Worse still, the highest office in the land and the military’s top leadership went so far as entertaining the idea of repatriating the same murderers of our children back into our society, even ridiculously dubbing anybody questioning them ‘enemies of the state’.
How come neither the humiliation of losing East Pakistan nor the 80,000 innocent souls lost to terrorism could teach us that a house divided is a house compromised? How could it be that our most popular leaders are ones who hurl the vilest abuses on their most hated rivals? When did the dream of a united, progressive Pakistan turn into a nightmare for its divided, miserable people? Is there still an outside chance of collecting all the pieces we have fragmented into and gluing them together into a proud people once again?

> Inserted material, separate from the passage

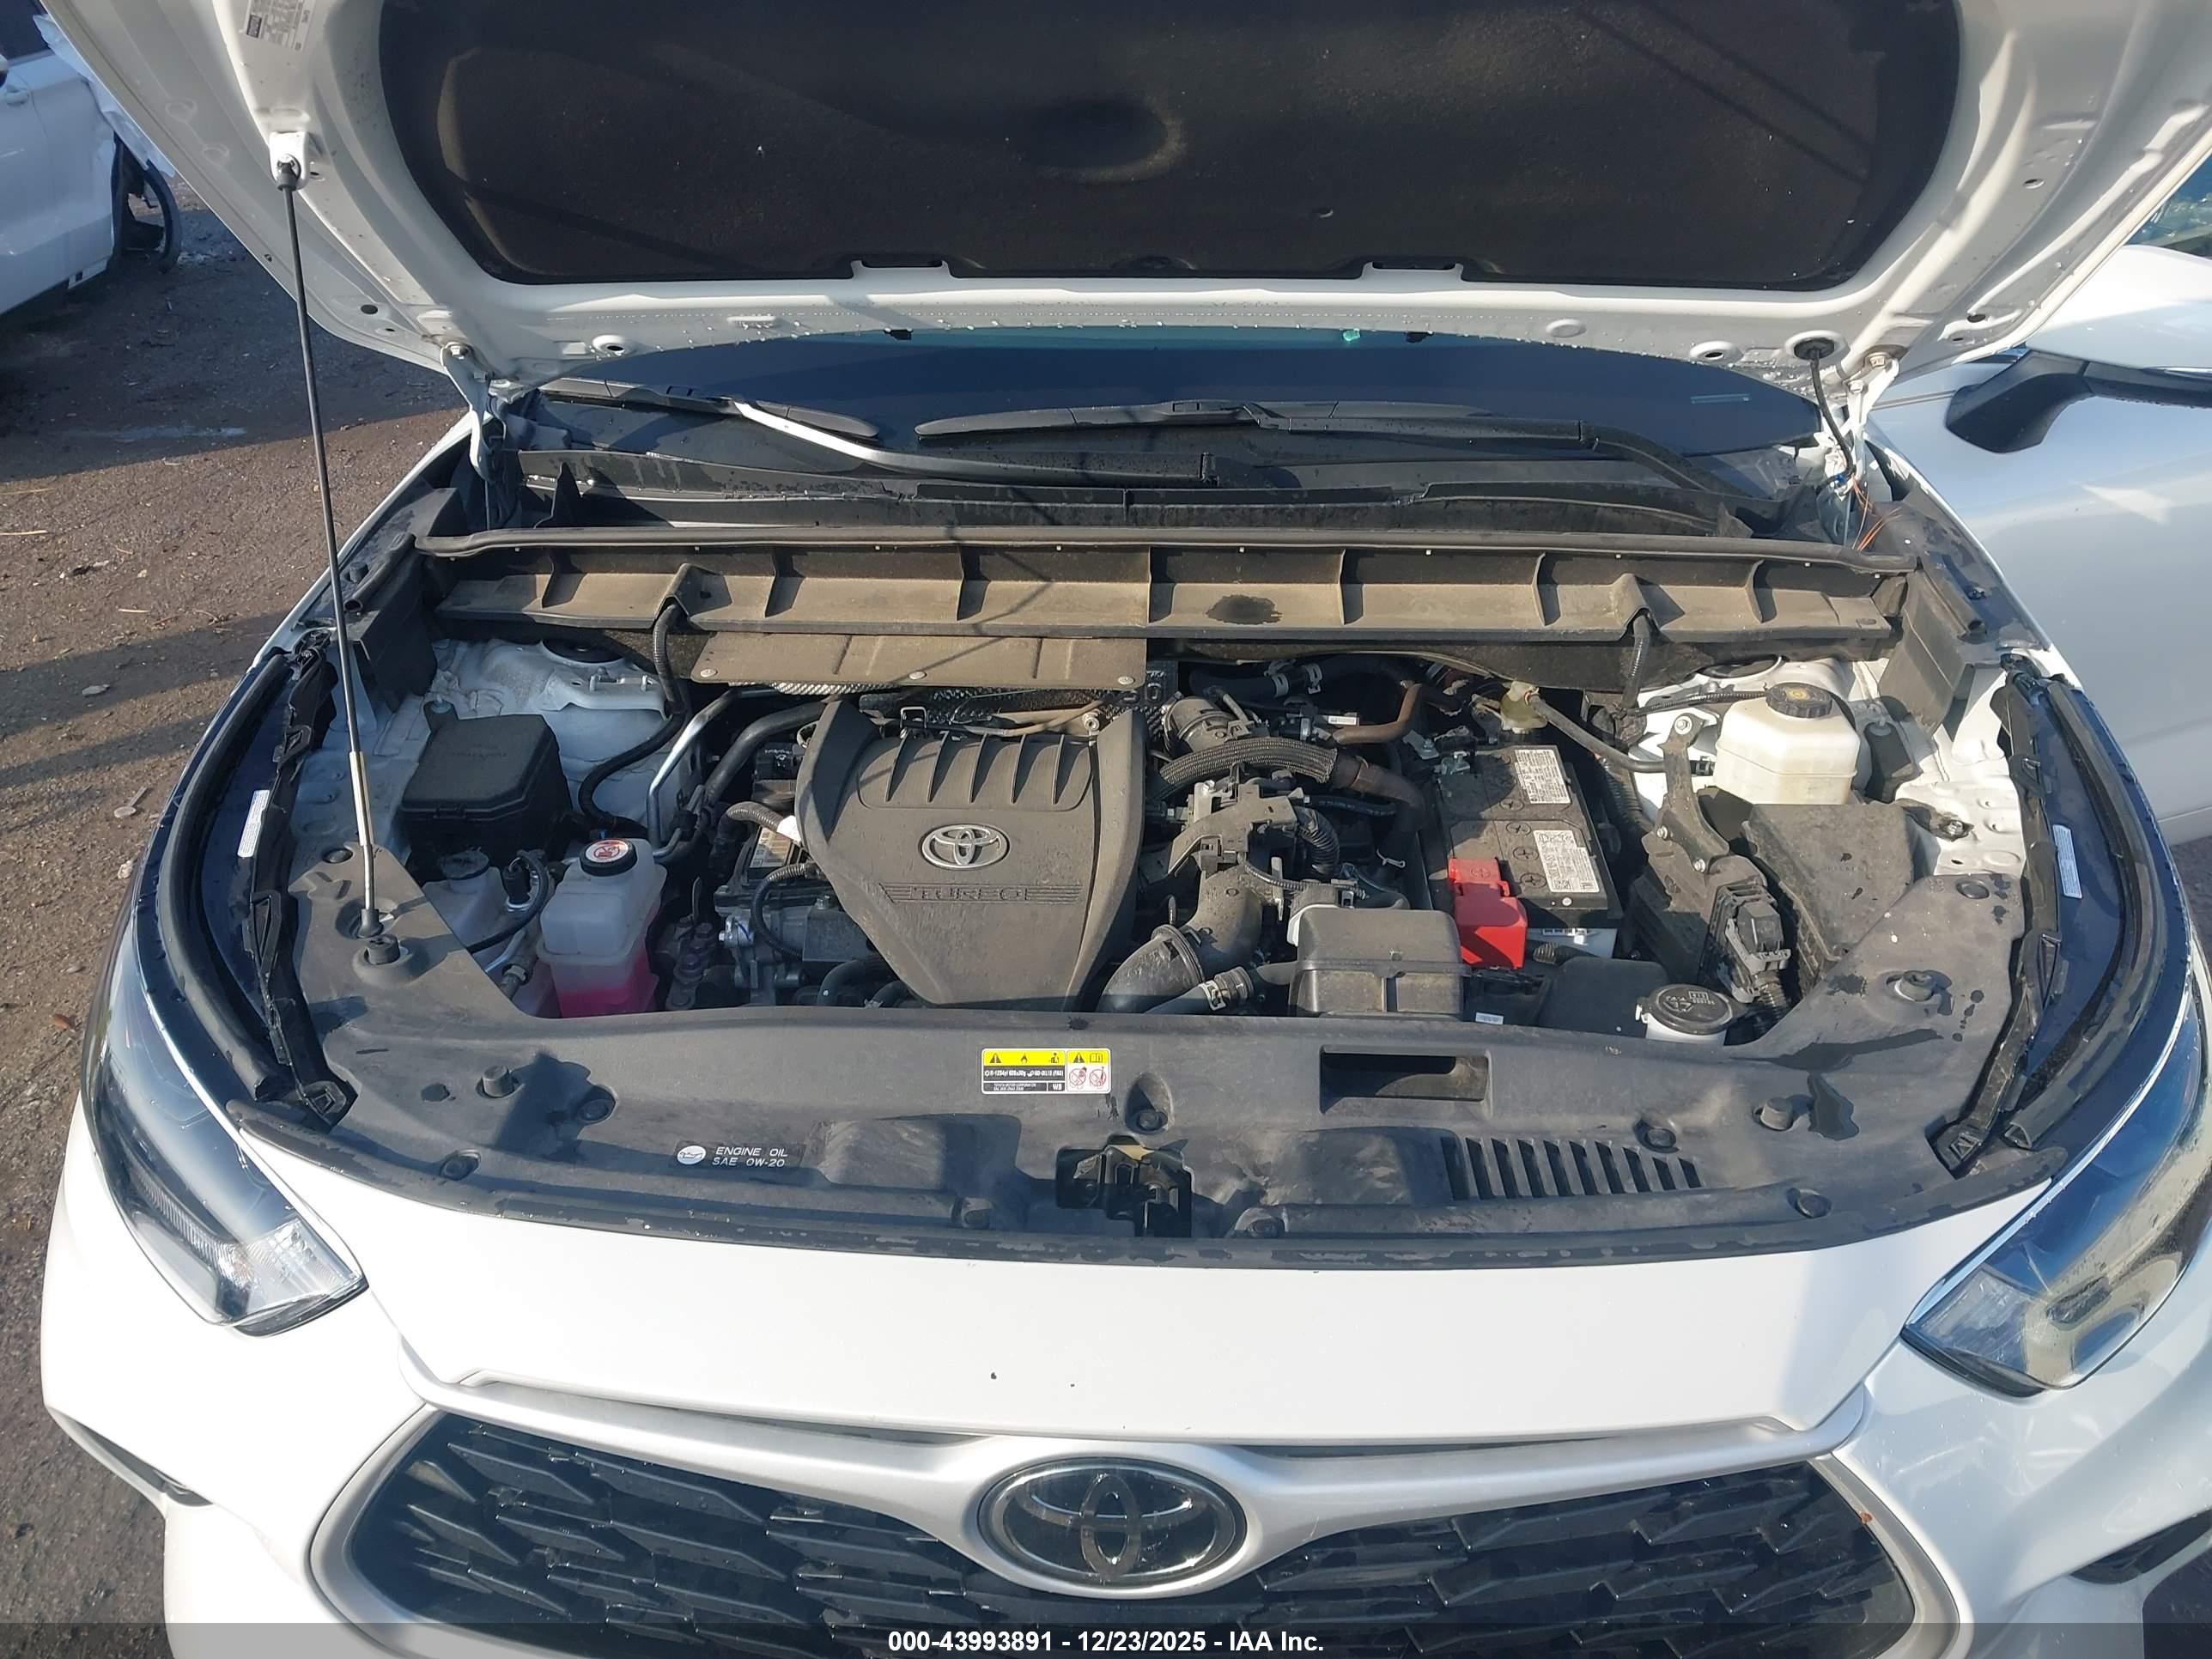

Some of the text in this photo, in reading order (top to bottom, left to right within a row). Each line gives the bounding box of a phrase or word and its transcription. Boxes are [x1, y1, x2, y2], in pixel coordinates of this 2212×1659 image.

[715, 1146, 788, 1158] ENGINE OIL
[712, 1157, 738, 1166] SAE

Perhaps the answers to all these questions can be found in the bitter, painful legacy of Dec16. If we can embrace the embittered and disgruntled among us, instead of forcing them to break away, and crush the enemies that kill our children instead of accommodating and nurturing them, then maybe we can rise once again. But even if we are able to somehow get on the road to the peace and progress we seek, it will be a very long journey before we get there. But before that, we have pressing existential problems to overcome.
Number one is the economy, of course. Because no manner of societal or political consolidation is possible if we default on our debt and face debilitating hyperinflation and unemployment. The country has the fifth largest population in the world, after all, and figures in the top-10 in terms of poverty and illiteracy.

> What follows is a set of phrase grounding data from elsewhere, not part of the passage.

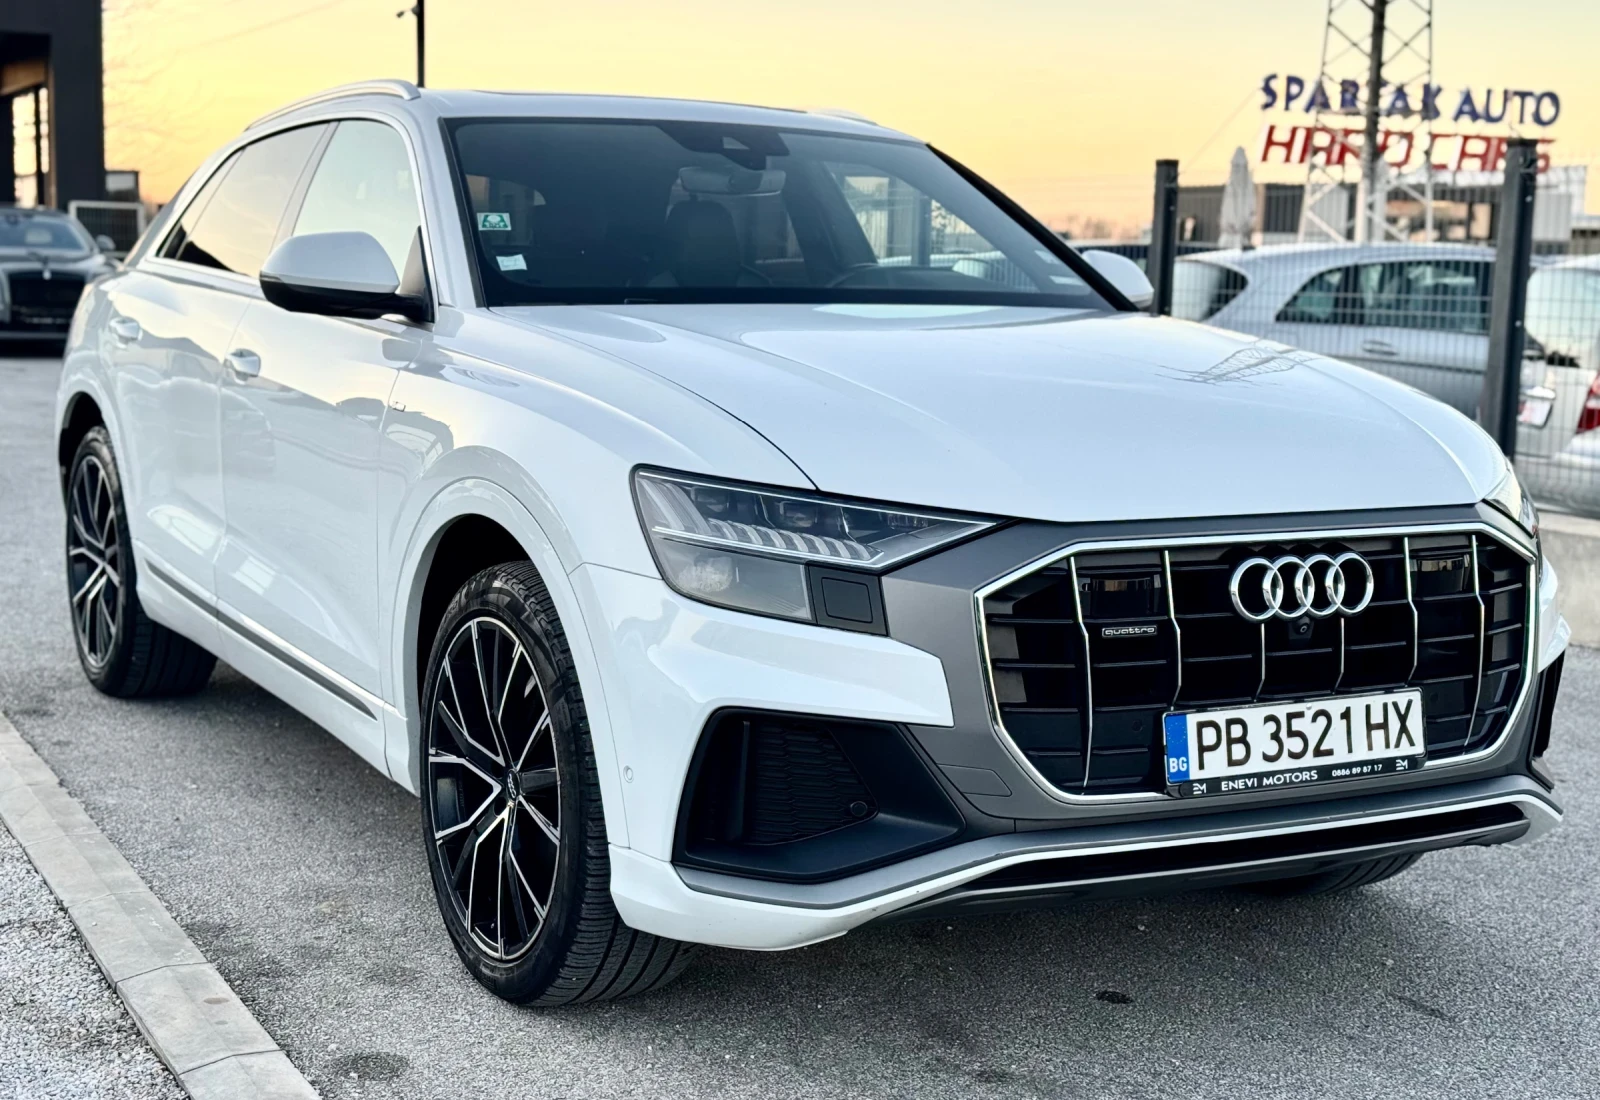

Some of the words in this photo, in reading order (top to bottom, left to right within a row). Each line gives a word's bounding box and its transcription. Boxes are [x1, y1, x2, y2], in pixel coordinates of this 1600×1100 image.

[1261, 73, 1442, 121] SPARAK
[1452, 87, 1561, 126] AUTO
[1105, 627, 1155, 636] quattro
[1196, 717, 1251, 770] PB
[1262, 706, 1353, 763] 3521
[1365, 698, 1416, 752] HX
[1169, 757, 1188, 773] BG
[1221, 778, 1258, 791] ENEVI
[1262, 770, 1318, 787] MOTORS
[1331, 769, 1351, 777] 0886
[1373, 764, 1383, 772] 17

Failure to hold the economy together will have a pronounced effect on the military’s ability to fight resurgent terrorism as well. And there’s no doubt that our financial and political troubles will only embolden the enemy to strike deeper inside the country.
Nine years since that dark day, the nation has realised that time does not heal all wounds. Yet this is one tragedy we must never forget, no matter how painful, nor forget. And we should never, ever allow our enemies back into our fold. Instead, as they raise their heads once again, we must make sure that we crush them completely this time.
We owe as much to the innocent children we put in early graves that December.